Production of low-affinity penicillin-binding protein by low- and high-resistance groups of methicillin-resistant Staphylococcus aureus.

K Murakami 1, K Nomura 1, M Doi 1, T Yoshida 1
PMCID: PMC174932  PMID: 3499861

Abstract

Methicillin- and cephem-resistant Staphylococcus aureus (137 strains) for which the cefazolin MICs are at least 25 micrograms/ml could be classified into low-resistance (83% of strains) and high-resistance (the remaining 17%) groups by the MIC of flomoxef (6315-S), a 1-oxacephalosporin. The MICs were less than 6.3 micrograms/ml and more than 12.5 micrograms/ml in the low- and high-resistance groups, respectively. All strains produced penicillin-binding protein 2' (PBP 2'), which has been associated with methicillin resistance and which has very low affinity for beta-lactam antibiotics. Production of PBP 2' was regulated differently in low- and high-resistance strains.

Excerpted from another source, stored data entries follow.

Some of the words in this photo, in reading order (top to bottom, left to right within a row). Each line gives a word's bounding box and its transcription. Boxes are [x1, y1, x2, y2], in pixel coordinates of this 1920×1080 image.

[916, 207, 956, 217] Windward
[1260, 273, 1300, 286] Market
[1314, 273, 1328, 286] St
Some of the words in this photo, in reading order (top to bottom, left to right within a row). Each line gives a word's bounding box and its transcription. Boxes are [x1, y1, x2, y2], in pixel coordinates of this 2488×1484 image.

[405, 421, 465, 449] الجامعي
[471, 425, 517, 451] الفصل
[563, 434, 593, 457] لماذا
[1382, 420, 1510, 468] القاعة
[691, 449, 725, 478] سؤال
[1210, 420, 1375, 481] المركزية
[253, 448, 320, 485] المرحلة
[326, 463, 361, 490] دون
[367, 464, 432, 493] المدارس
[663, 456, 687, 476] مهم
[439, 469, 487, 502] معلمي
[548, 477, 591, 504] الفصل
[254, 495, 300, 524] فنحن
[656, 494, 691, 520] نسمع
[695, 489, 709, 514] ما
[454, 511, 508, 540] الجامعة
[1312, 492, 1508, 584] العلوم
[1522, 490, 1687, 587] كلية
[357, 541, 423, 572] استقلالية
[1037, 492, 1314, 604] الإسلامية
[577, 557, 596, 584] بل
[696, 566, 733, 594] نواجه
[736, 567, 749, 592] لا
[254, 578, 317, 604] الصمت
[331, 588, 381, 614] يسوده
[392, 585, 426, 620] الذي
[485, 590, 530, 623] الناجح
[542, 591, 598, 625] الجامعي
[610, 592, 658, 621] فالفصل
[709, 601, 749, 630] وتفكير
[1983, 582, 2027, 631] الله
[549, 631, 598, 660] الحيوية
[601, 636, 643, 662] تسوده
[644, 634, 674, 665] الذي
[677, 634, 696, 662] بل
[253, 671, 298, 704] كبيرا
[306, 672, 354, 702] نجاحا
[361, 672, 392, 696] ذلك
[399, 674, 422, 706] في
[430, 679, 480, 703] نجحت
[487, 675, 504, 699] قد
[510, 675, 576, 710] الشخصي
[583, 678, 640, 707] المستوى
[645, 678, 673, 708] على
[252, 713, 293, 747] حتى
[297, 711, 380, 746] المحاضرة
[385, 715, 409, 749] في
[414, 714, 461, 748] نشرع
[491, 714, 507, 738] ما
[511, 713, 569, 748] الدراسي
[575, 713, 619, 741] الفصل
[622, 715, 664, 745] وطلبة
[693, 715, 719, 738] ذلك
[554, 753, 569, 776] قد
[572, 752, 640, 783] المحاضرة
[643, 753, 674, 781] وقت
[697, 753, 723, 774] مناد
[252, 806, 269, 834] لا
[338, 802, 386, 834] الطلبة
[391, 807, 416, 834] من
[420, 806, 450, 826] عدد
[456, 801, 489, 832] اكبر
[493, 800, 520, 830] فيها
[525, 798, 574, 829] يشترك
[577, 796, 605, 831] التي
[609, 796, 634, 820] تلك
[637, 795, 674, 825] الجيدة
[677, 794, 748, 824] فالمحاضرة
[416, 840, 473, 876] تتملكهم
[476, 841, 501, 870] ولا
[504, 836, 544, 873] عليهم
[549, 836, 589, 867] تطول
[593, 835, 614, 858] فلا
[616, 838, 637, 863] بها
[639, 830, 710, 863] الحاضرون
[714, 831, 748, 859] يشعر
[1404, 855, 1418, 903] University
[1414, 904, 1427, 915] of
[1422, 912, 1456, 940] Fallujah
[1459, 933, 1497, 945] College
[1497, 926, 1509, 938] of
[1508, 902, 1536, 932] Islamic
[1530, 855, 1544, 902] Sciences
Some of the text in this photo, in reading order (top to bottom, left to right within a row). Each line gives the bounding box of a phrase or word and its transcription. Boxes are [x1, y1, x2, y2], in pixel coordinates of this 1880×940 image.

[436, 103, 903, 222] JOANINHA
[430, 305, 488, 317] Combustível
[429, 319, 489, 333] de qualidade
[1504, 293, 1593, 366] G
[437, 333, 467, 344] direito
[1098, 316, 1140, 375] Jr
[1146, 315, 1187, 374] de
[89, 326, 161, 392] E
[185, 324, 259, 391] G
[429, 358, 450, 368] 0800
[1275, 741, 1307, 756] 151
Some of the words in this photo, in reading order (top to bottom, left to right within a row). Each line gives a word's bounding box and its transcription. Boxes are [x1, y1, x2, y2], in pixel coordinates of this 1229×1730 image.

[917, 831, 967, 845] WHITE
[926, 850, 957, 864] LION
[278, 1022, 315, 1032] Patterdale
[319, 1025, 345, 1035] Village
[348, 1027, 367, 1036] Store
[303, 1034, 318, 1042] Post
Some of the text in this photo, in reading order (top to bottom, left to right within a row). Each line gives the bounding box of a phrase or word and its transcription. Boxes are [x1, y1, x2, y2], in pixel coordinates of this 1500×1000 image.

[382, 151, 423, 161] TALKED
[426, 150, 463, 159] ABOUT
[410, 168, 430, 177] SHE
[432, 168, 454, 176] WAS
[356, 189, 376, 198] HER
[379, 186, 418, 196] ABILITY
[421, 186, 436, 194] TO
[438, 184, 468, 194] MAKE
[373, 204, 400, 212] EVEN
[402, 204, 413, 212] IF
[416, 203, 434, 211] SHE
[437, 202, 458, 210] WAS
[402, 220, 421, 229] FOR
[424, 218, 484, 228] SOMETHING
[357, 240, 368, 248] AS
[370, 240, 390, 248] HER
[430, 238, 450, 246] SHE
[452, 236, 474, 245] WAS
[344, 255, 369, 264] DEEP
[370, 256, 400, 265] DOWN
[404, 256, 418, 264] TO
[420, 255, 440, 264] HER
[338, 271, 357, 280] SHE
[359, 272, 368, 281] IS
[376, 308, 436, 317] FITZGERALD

With penicillinase-producing strains of the low-resistance group, cefazolin, cefamandole, and cefmetazole induced PBP 2' production about 5-fold, while flomoxef induced production 2.4-fold or less. In contrast, penicillinase-negative variants of low-resistance strains produced PBP 2' constitutively in large amounts and induction did not occur. With high-resistance strains, flomoxef induced PBP 2' to an extent similar to that of cefazolin in both penicillinase-producing and -negative strains, except for one strain in which the induction did not occur. The amount of PBP 2' induced by beta-lactam antibiotics in penicillinase-producing strains of the low-resistance group correlated well with resistance to each antibiotic. Large amounts of PBP 2' in penicillinase-negative variants of the low-resistance group did not raise the MICs of beta-lactam compounds, although these strains were more resistant when challenged with flomoxef for 2 h. Different regulation of PBP 2' production was demonstrated in the high- and low-resistance groups, and factor(s) other than PBP 2' were suggested to be involved in the methicillin resistance of high-resistance strains.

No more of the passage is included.